To illustrate the point: It is fairly wide known that for a given year, ~20% of the population is responsible for ~80% of healthcare spending. So If you make the following assumptions:
1. pre-existing 20% don't rotate around the population
2. health insurance companies could screen the pre-existing 20% perfectly
3. premium have perfect correlation with the healthcare expense for the individual
4. reduced the population to 5 people and total healthcare cost of the population to $100, just to make the math easier to follow.

Then for health insurance from ehealthinsurance.com in 2013, they would accept the 4 healthy people with an average premium of (20% of $100)/4 or $5 and the one pre-existing individual would be screened out or pay a much higher rate than the one advertised of $80 or sign a waiver to get the $5 premium but have to pay the pre-existing cost out of pocket. For exchange plans in 2014, all five people would be accept and pay $100/5 or $20. In this example the 4 healthy people had their premiums go up from $5 to $20 or a 300% increase and the one pre-existing person's premium goes down from $80 to $20 or a 75% cut in price. Now my assumptions 1-3 aren't true in the real world, though health insurance companies try their best to do assumptions 2 and 3. As result this represents an upper bound to the increase due to removing the ability to screen on pre-existing conditions.

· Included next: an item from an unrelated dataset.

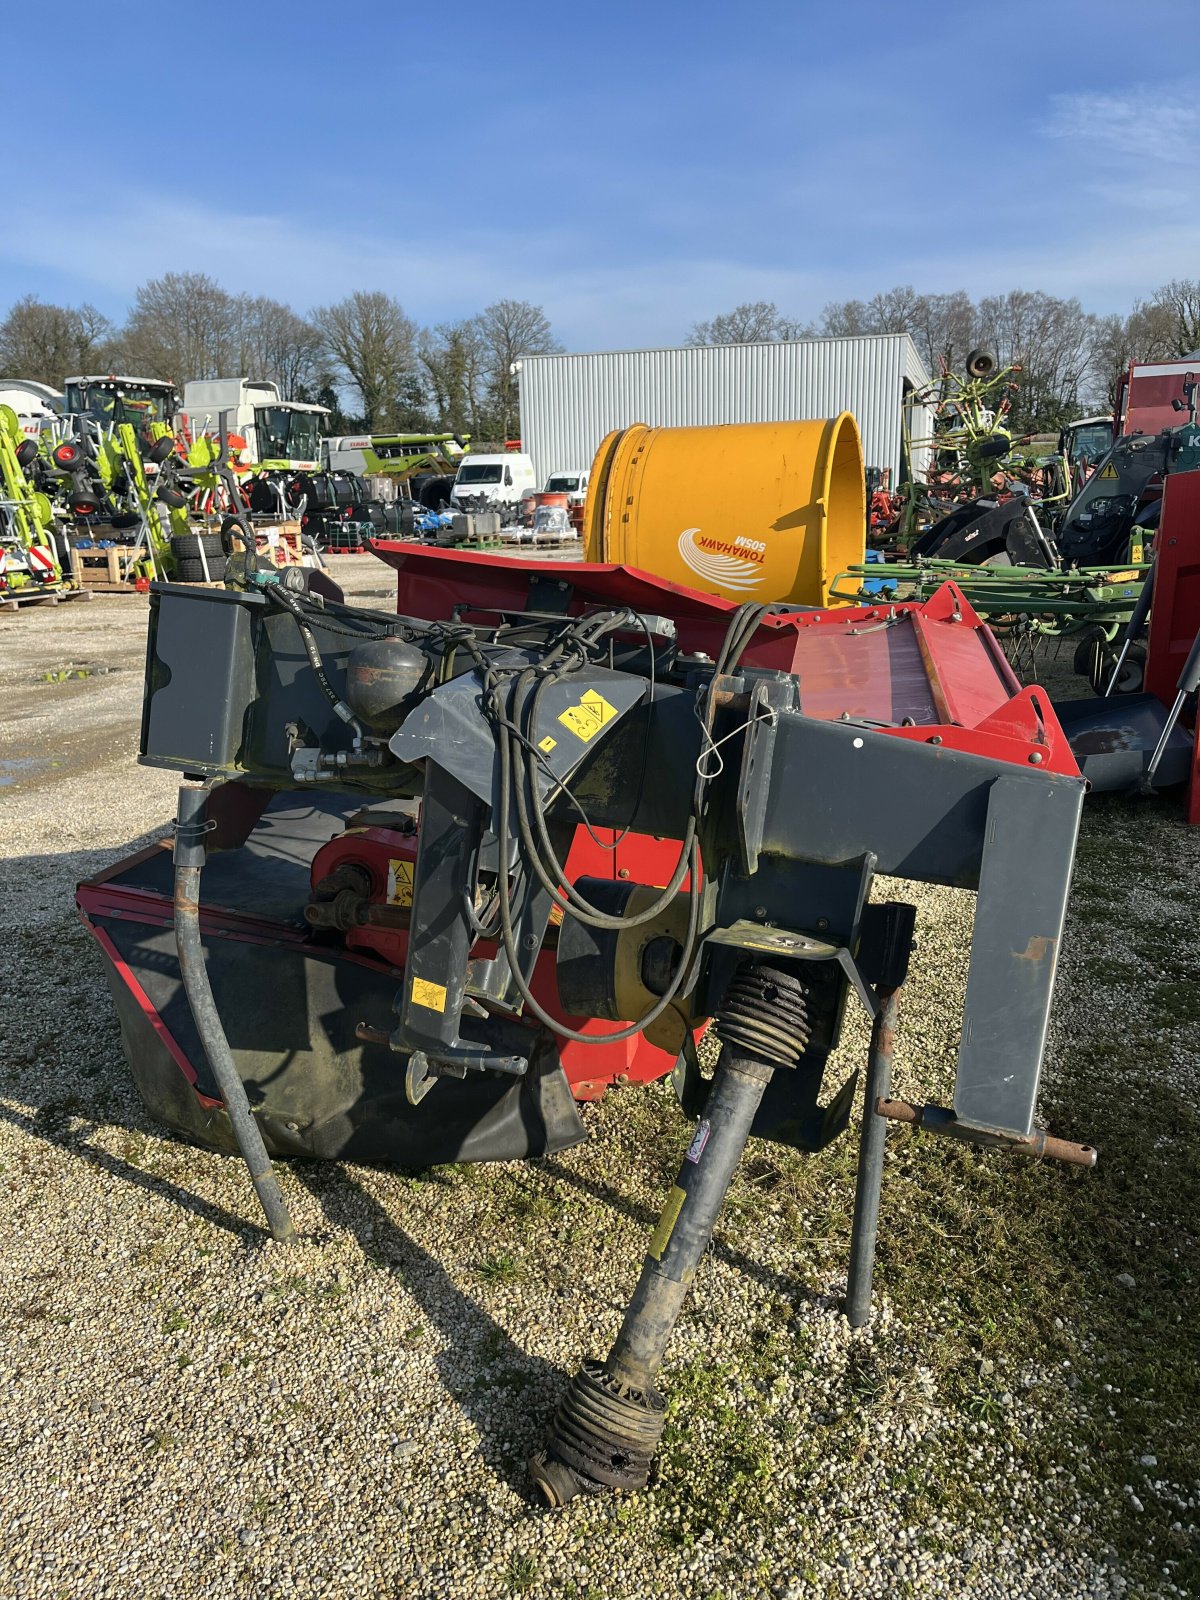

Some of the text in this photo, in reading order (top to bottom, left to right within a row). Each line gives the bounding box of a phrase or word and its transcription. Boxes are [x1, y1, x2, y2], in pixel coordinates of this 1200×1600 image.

[698, 536, 766, 564] TOMAHAWK
[734, 535, 767, 553] 505M
[312, 656, 321, 668] DN

This may be nit picky. But without the bold words, the copay would be 6400 a year later because you would be in a different benefit year. Considering that 40% of americans live "paycheck to paycheck" and the low savings rates of americans, I have my doubts on how many could afford a sudden $1,000 car repair bill, let alone 6400 or 12800 copay on short notice.
Thank you for proving the point that most of our rates ("we" being the "healthy people" ) are going to increase dramatically -- wayyyy beyond what they've already increased on a annual basis -- in order to subsidize everyone else even more than we already are. Hell, in your fictitious example, it's by as much as 300%!!

I, for one, am not cool with that... at all. I want nothing to do with your (or Obama's) socialized medicine bullshit.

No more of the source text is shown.